# YOUR GOAL:
Nothing in the data may be altered; the answer is a verbatim copy of it.

-- Opening Marker --

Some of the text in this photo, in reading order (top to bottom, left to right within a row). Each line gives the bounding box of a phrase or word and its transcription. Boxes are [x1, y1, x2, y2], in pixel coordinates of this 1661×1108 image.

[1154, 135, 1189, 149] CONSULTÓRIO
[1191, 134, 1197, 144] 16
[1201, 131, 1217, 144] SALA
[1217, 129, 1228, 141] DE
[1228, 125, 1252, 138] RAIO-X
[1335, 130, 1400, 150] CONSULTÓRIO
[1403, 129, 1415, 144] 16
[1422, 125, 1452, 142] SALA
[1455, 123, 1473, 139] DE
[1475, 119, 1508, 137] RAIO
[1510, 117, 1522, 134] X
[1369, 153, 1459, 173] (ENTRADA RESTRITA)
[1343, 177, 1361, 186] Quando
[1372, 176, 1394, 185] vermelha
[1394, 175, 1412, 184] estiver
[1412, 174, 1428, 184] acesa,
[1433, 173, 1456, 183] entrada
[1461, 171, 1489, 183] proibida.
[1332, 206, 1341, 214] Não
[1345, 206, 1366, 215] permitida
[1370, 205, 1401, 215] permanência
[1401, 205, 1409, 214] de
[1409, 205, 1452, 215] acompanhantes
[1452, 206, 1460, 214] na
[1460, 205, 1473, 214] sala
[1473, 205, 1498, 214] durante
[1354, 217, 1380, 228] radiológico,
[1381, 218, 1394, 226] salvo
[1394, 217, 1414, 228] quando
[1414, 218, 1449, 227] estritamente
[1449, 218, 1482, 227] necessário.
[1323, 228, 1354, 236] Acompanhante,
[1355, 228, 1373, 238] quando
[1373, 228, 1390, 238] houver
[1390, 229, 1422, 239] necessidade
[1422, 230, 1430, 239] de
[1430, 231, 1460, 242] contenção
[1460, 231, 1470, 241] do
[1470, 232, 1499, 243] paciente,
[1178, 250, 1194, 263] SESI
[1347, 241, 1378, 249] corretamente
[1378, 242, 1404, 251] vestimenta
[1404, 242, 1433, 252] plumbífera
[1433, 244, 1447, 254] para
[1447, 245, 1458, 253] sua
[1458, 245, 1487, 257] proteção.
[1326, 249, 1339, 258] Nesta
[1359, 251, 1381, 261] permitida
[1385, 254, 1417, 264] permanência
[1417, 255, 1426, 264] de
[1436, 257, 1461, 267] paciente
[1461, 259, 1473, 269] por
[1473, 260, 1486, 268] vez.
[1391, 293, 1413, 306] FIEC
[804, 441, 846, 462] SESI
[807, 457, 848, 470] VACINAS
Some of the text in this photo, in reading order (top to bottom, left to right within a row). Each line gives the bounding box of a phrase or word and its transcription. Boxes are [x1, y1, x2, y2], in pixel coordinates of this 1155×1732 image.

-- Closing Marker --

# ANSWER BOX:
Some of the text in this photo, in reading order (top to bottom, left to right within a row). Each line gives the bounding box of a phrase or word and its transcription. Boxes are [x1, y1, x2, y2], in pixel coordinates of this 1661×1108 image.

[1154, 135, 1189, 149] CONSULTÓRIO
[1191, 134, 1197, 144] 16
[1201, 131, 1217, 144] SALA
[1217, 129, 1228, 141] DE
[1228, 125, 1252, 138] RAIO-X
[1335, 130, 1400, 150] CONSULTÓRIO
[1403, 129, 1415, 144] 16
[1422, 125, 1452, 142] SALA
[1455, 123, 1473, 139] DE
[1475, 119, 1508, 137] RAIO
[1510, 117, 1522, 134] X
[1369, 153, 1459, 173] (ENTRADA RESTRITA)
[1343, 177, 1361, 186] Quando
[1372, 176, 1394, 185] vermelha
[1394, 175, 1412, 184] estiver
[1412, 174, 1428, 184] acesa,
[1433, 173, 1456, 183] entrada
[1461, 171, 1489, 183] proibida.
[1332, 206, 1341, 214] Não
[1345, 206, 1366, 215] permitida
[1370, 205, 1401, 215] permanência
[1401, 205, 1409, 214] de
[1409, 205, 1452, 215] acompanhantes
[1452, 206, 1460, 214] na
[1460, 205, 1473, 214] sala
[1473, 205, 1498, 214] durante
[1354, 217, 1380, 228] radiológico,
[1381, 218, 1394, 226] salvo
[1394, 217, 1414, 228] quando
[1414, 218, 1449, 227] estritamente
[1449, 218, 1482, 227] necessário.
[1323, 228, 1354, 236] Acompanhante,
[1355, 228, 1373, 238] quando
[1373, 228, 1390, 238] houver
[1390, 229, 1422, 239] necessidade
[1422, 230, 1430, 239] de
[1430, 231, 1460, 242] contenção
[1460, 231, 1470, 241] do
[1470, 232, 1499, 243] paciente,
[1178, 250, 1194, 263] SESI
[1347, 241, 1378, 249] corretamente
[1378, 242, 1404, 251] vestimenta
[1404, 242, 1433, 252] plumbífera
[1433, 244, 1447, 254] para
[1447, 245, 1458, 253] sua
[1458, 245, 1487, 257] proteção.
[1326, 249, 1339, 258] Nesta
[1359, 251, 1381, 261] permitida
[1385, 254, 1417, 264] permanência
[1417, 255, 1426, 264] de
[1436, 257, 1461, 267] paciente
[1461, 259, 1473, 269] por
[1473, 260, 1486, 268] vez.
[1391, 293, 1413, 306] FIEC
[804, 441, 846, 462] SESI
[807, 457, 848, 470] VACINAS
Some of the text in this photo, in reading order (top to bottom, left to right within a row). Each line gives the bounding box of a phrase or word and its transcription. Boxes are [x1, y1, x2, y2], in pixel coordinates of this 1155×1732 image.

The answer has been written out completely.